4. The role of Proper Treatment
My Grandpa endured having shrapnel tear his left eye, but local herbal medicine was applied soon after returning home from the front and this saved his eye from absolute blindness though it was badly deformed. If this could be done in 1962 Nigeria, there is no reason why we shouldn’t give Veterans access to the best medication for them.
The number one mental ailment that veterans suffer from is PTSD and other anxiety related diseases including clinical depression.
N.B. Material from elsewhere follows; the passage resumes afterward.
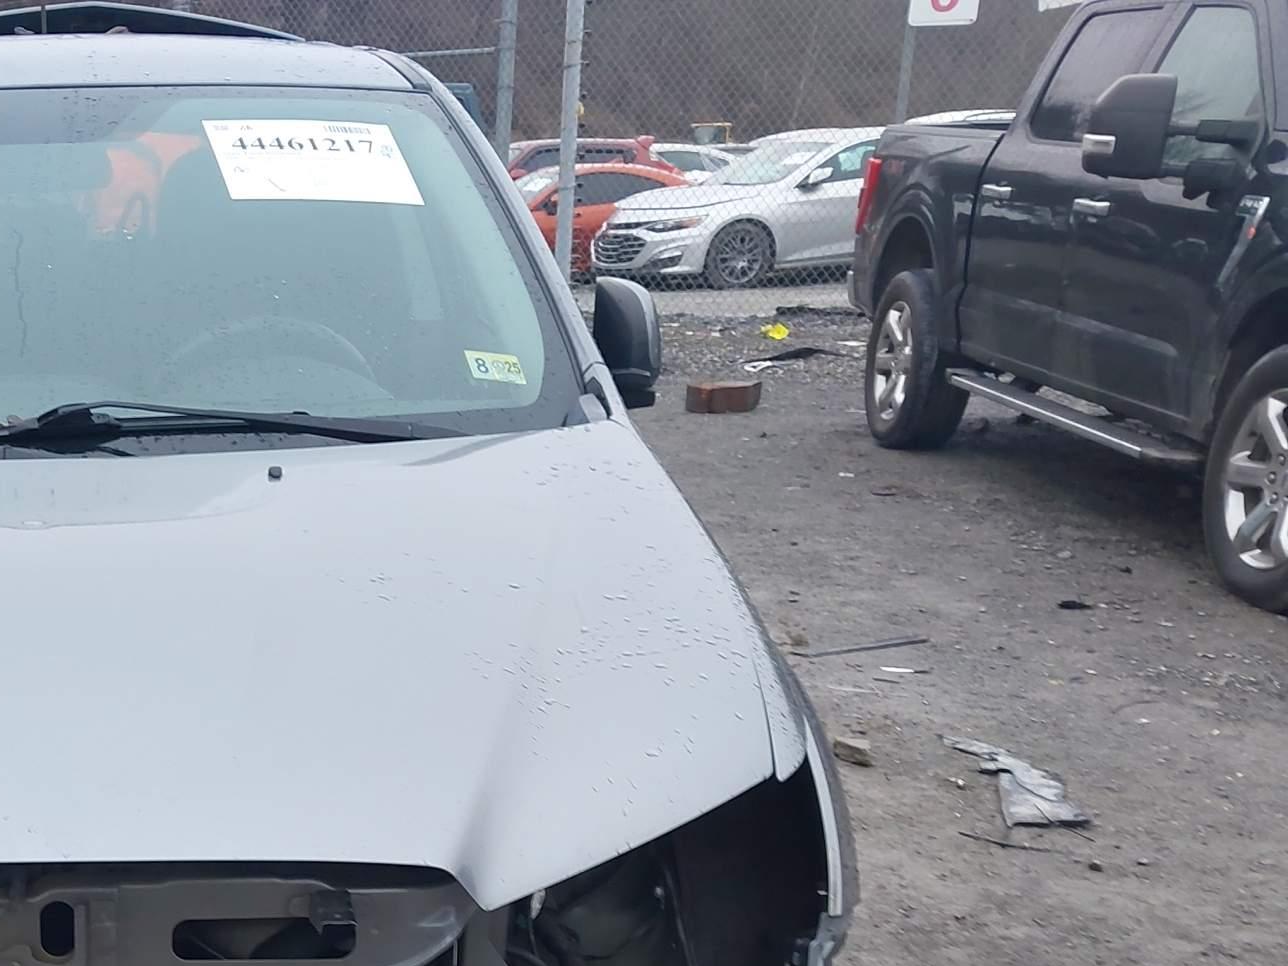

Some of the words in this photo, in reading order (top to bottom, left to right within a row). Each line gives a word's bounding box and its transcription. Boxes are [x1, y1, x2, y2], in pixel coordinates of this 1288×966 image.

[231, 135, 374, 154] 44461217
[474, 357, 490, 374] 8
[503, 360, 521, 375] 25
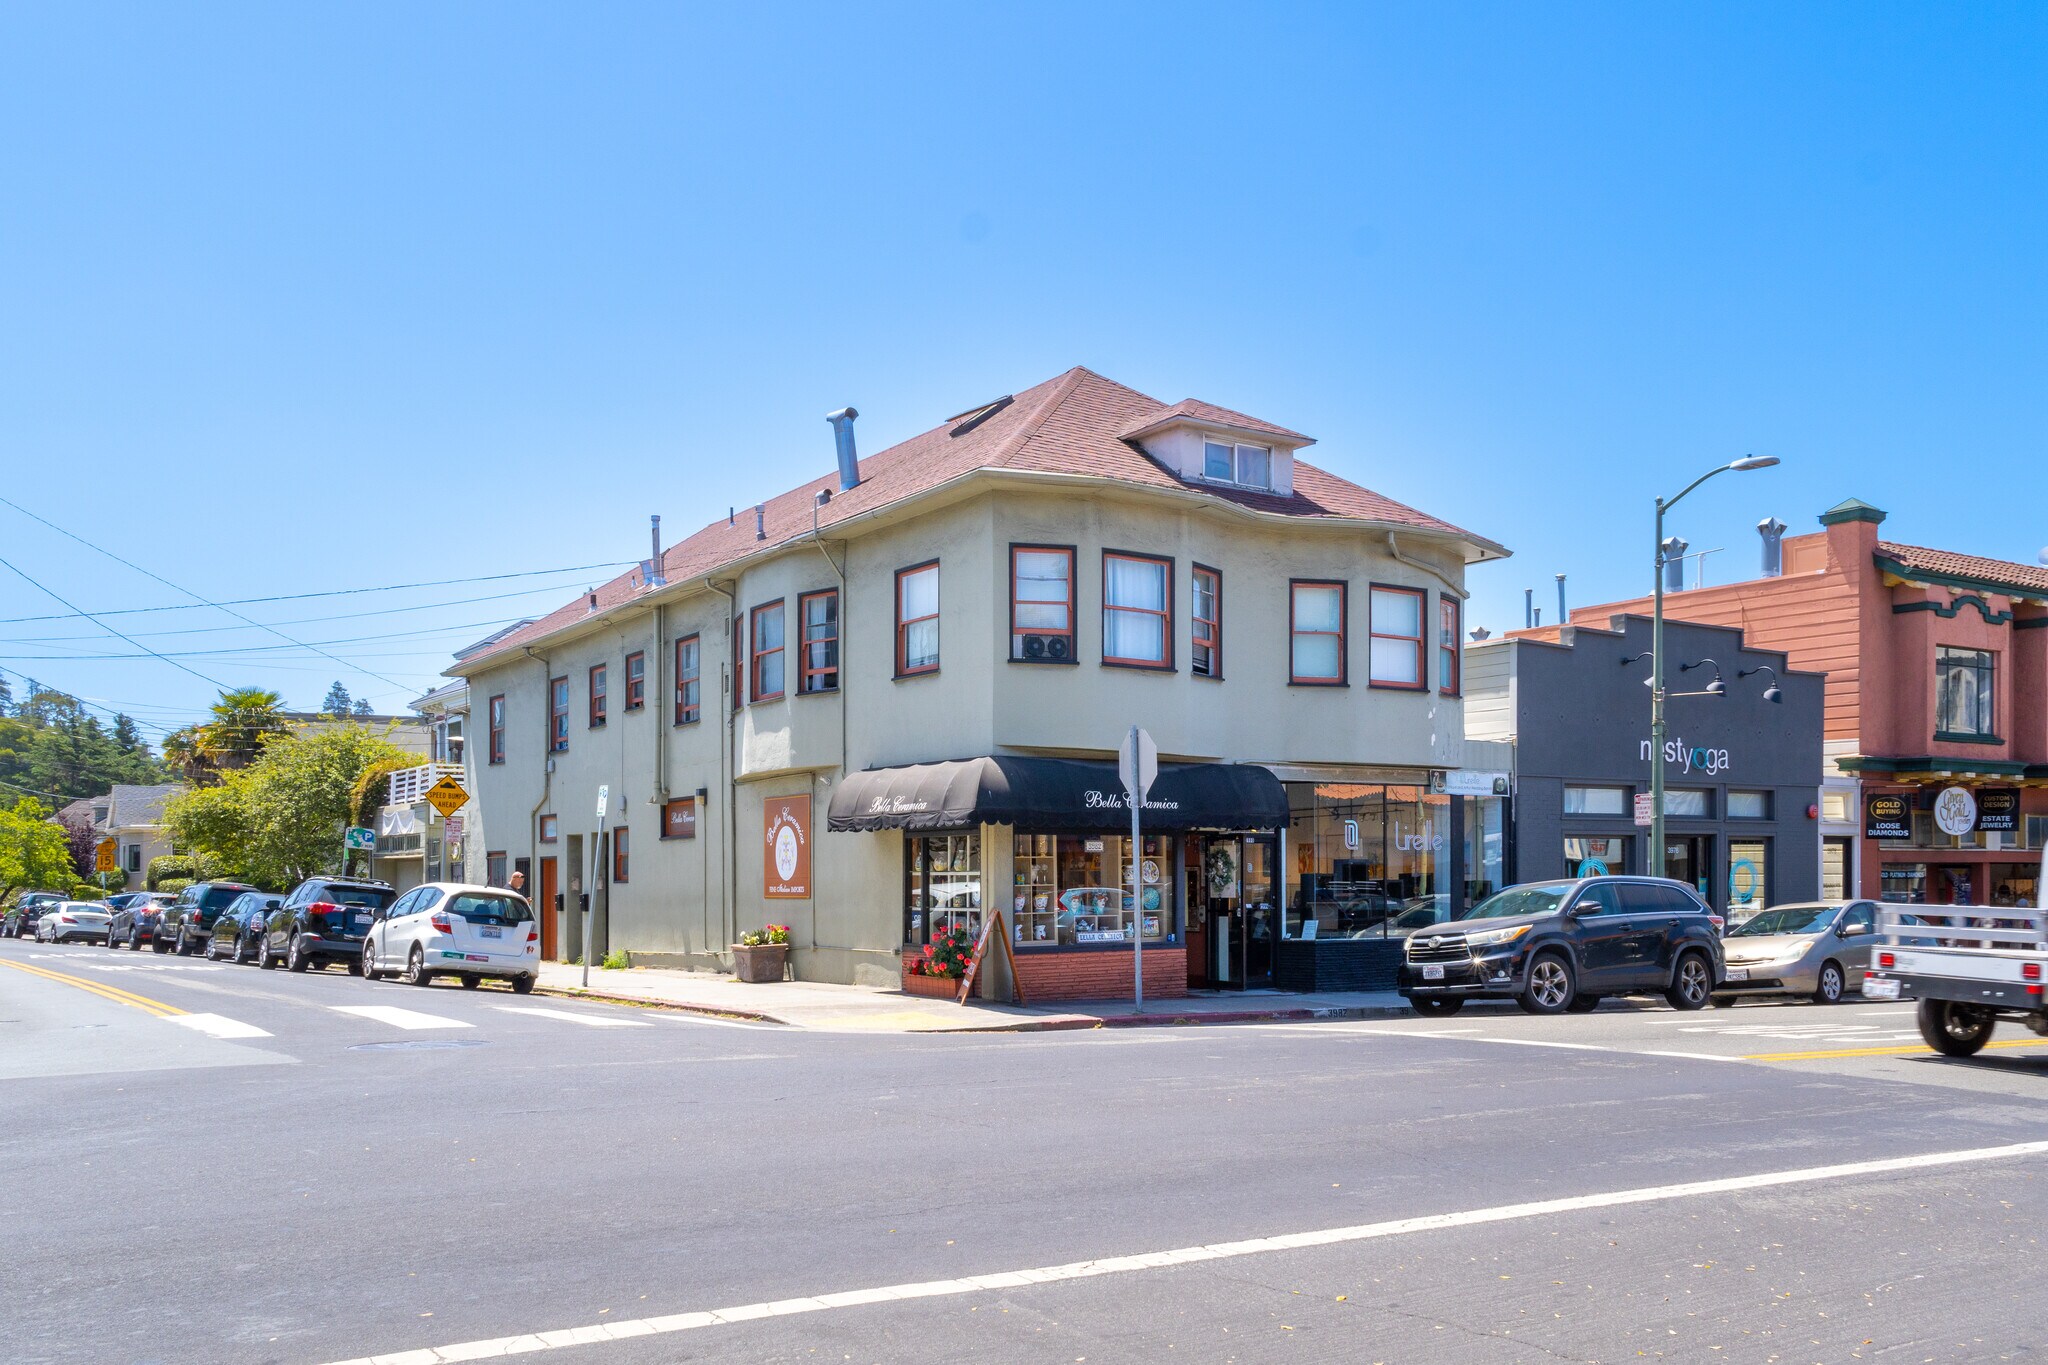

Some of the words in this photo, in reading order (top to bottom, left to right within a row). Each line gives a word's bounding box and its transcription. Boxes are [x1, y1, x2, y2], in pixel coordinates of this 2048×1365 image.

In recent times We have seen Canada legalize Cannabis for both Clinical and recreational use. America has about 33 states where clinical use is approved, but for some reasons, Cannabis related treatment is not approved for use on soldiers and veterans in treating PTSD, Epilepsy or Anxiety.
There has been a great deal of confusion in the media about the clear differences between CBD and THC. Most Medications extracted from the cannabis plant have high CBD contents which are known for tremendous relief in pain, anxiety, and paranoia but doesn’t get one high. This is as opposed to THC (conventional pot) which is also extracted from the same plant but is known for increasing Anxiety.
Regulation drugs given for PTSD are turning Veterans into zombies, they are being complained of frequently and may even be related to the high suicide rates. Communities must come together to put pressure for legislation to change in these areas for these people who have served our nation to get access to CBD based drugs in VA regulated health facilities.
Grandpa was one of the lucky ones, but with the right steps, there is no reason all vets cannot be lucky. One thing is sure, we must reduce this alarming suicide rate.